Artigo Destaque dos editores

Nietzsche e a genealogia do castigo

Exibindo página 2 de 2
03/03/2007 às 00:00
Leia nesta página:

4.Da multidão de sentidos do castigo

Não é de todo descabido apontar Rudolf von Jhering como um dos inspiradores de Nietzsche. É precisamente isso o que sugere Rubens Rodrigues Torres Filho, referindo-se à obra Der Zweck im Recht (A finalidade no direito), cujos primeiros volumes foram publicados entre 1877 e 1883 (Nietzsche, 1978: 307), apenas quatro anos antes da publicação da Genealogia da moral (1887). Para este jurista, o direito deve ser interpretado não com base na frieza da lei, mas em conformidade com o seu fim que é, de um modo geral, a realização da justiça. Assim, o trabalho da hermenêutica jurídica seria buscar na origem da lei a sua finalidade para, então, aplicá-la. As idéias de Jhering são a base da interpretação teleológica do direito, a qual, segundo Damásio Evangelista de Jesus, "é a que consiste na indagação da vontade ou da intenção objetivada na lei" (2003: 32). Nesse processo, ainda de acordo com Jesus, "o elemento histórico é de grande valia. (...) O intérprete procura a origem da lei, estuda a sua evolução e modificações antes de cuidar do exame dos aspectos de que se reveste o texto atual". A aplicação do direito pressupõe, portanto, certos conhecimentos genealógicos.

O problema que Nietzsche aí indica é a ingênua genealogia de que se servem historiadores e hermeneutas do direito. Eles não levam em conta um dos princípios fundamentais da genealogia nietzschiana: a distinção entre origem e finalidade. "A ‘finalidade no direito’, escreve Nietzsche, é a última coisa a se empregar na história da gênese do direito (...) a causa da gênese de uma coisa e sua utilidade final, a sua efetiva utilização e inserção em um sistema de finalidades, diferem toto coelo [totalmente]" (GM, II, § 12). Os operadores do direito, com base no elemento histórico da interpretação teleológica, pretendem remontar as condições da gênese de um preceito julgando poder localizar aí sua finalidade, sua essência, seu sentido. Todavia, "mesmo tendo-se compreendido bem a utilidade de um órgão fisiológico (ou de uma instituição de direito, de um costume social, de um uso político, de uma determinada forma nas artes ou no culto religioso), afirma Nietzsche, nada se compreendeu acerca de sua gênese" (GM, II, § 12). A genealogia revela precisamente que a história de uma coisa é marcada por contradições, por ambigüidades, de tal modo o sentido original não se mantém ao longo de sua história. A história de uma coisa é um ininterrupto processo de ressignificação, de reinterpretação, de redirecionamento. "Assim, se imaginou o castigo como inventado para castigar", diz Nietzsche (GM, II, § 12), enquanto que a genealogia expõe outros sentidos, não menos relevantes que este, no castigo.
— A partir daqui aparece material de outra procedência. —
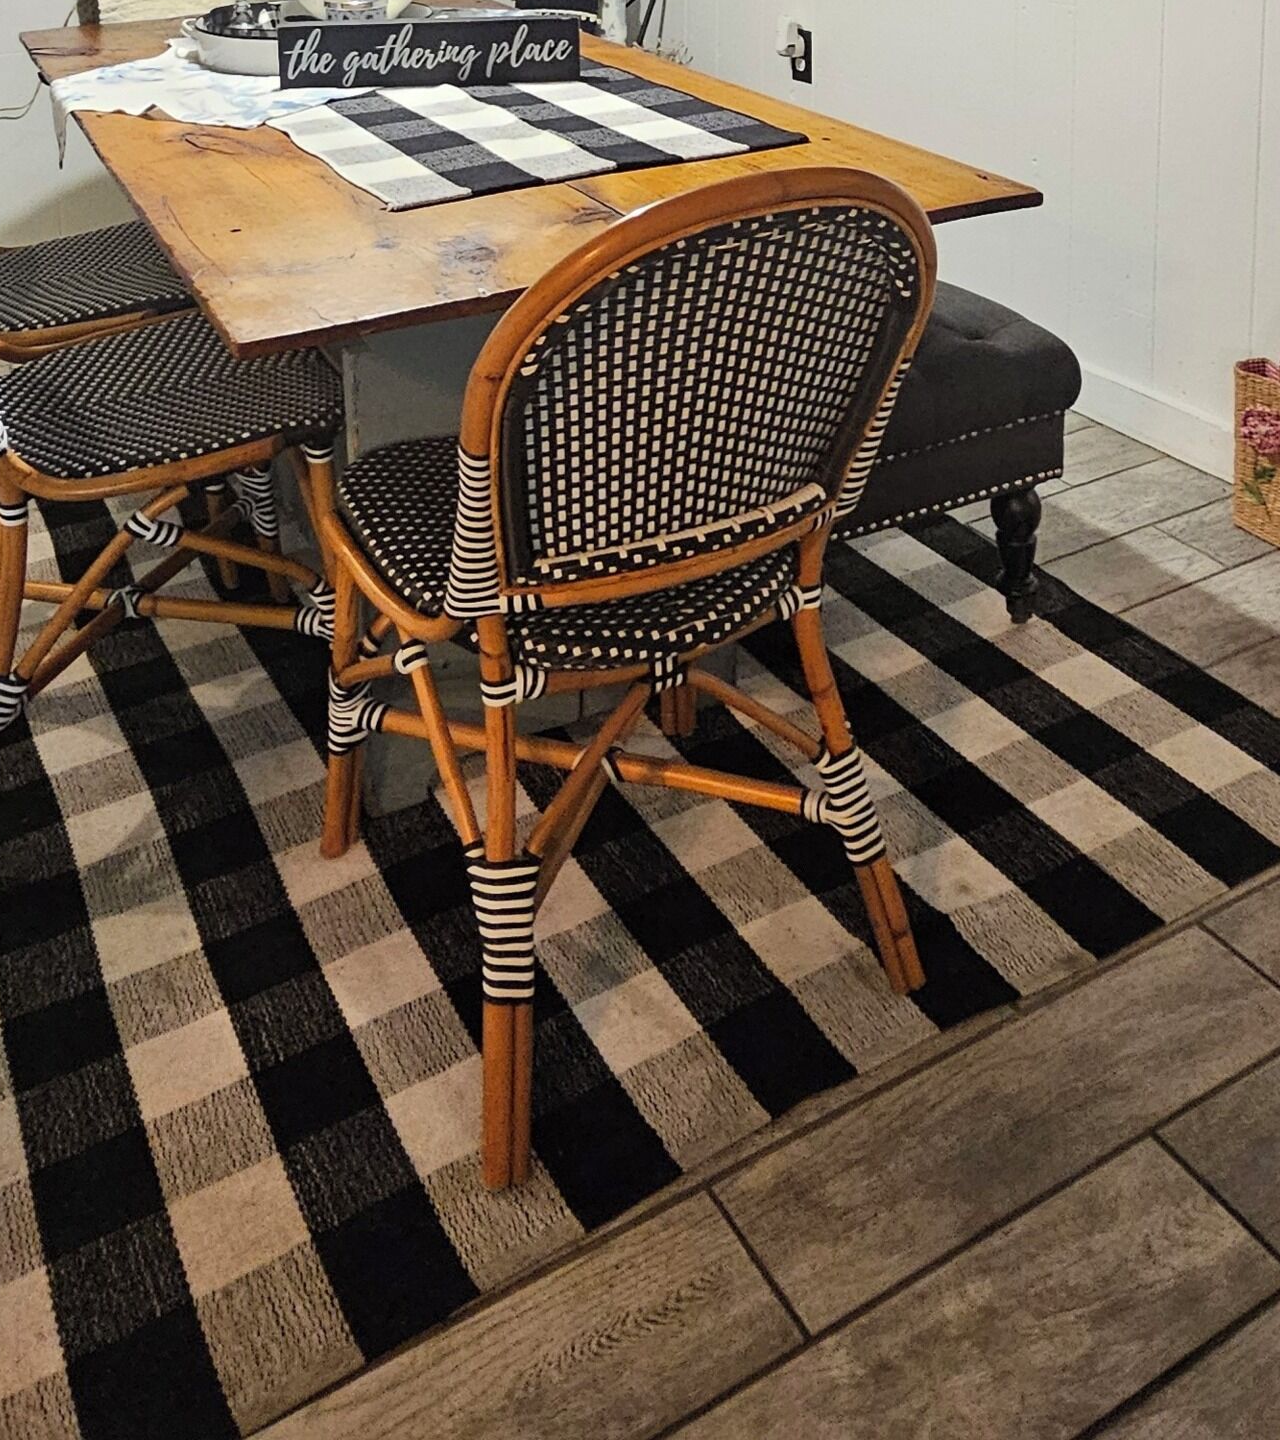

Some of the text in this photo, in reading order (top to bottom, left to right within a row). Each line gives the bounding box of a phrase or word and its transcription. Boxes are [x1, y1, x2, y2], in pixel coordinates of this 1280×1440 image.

[283, 24, 572, 87] the gathering place
A finalidade do direito não deve ser buscada em sua origem. A base histórica da interpretação teleológica é irreal, pois a finalidade que determina a aplicação do direito jamais é seu sentido original. Ela é um novo sentido, redirecionado e reinterpretado. Ela já insere o preceito interpretado em uma nova série de significações. Ao negar a continuidade entre origem e finalidade, a genealogia, como diz Foucault, reintroduz o devir na história (2000: 27), propondo a radical fluidez do sentido. "Se a forma é fluida, o ‘sentido’ é mais ainda...", este é um dos resultados mais gerais a que chega a genealogia (Nietzsche, GM, II, § 12).

Partindo dessa perspectiva, Nietzsche distingue no castigo dois aspectos: "o que nele é relativamente duradouro, o costume, o ato, o ‘drama’, uma certa seqüência rigorosa de procedimentos, e o que é fluido, o sentido, o fim, a expectativa ligada à realização desses procedimentos" (GM, II, § 13). Do ponto de vista daquilo que no castigo é relativamente fixo, o procedimento, há que se admitir, de acordo com Nietzsche, que ele é anterior ao castigo, somente tendo sido nele introduzido posteriormente (GM, II, § 13). Os procedimentos penais não nasceram com a pena, eles nasceram por motivos diversos e com outras finalidades e só depois é que se tornaram propriamente penais. O que é suficiente para marcar a sua resignificação: o procedimento, a forma, se manteve, mas assumiu um novo sentido, um conteúdo diferente do que tinha em sua origem. Daí seu caráter duradouro ser apenas relativo. Ao ser transformado em procedimento penal, ele sofreu modificações determinadas pelo aspecto mais fluido, o sentido do castigo.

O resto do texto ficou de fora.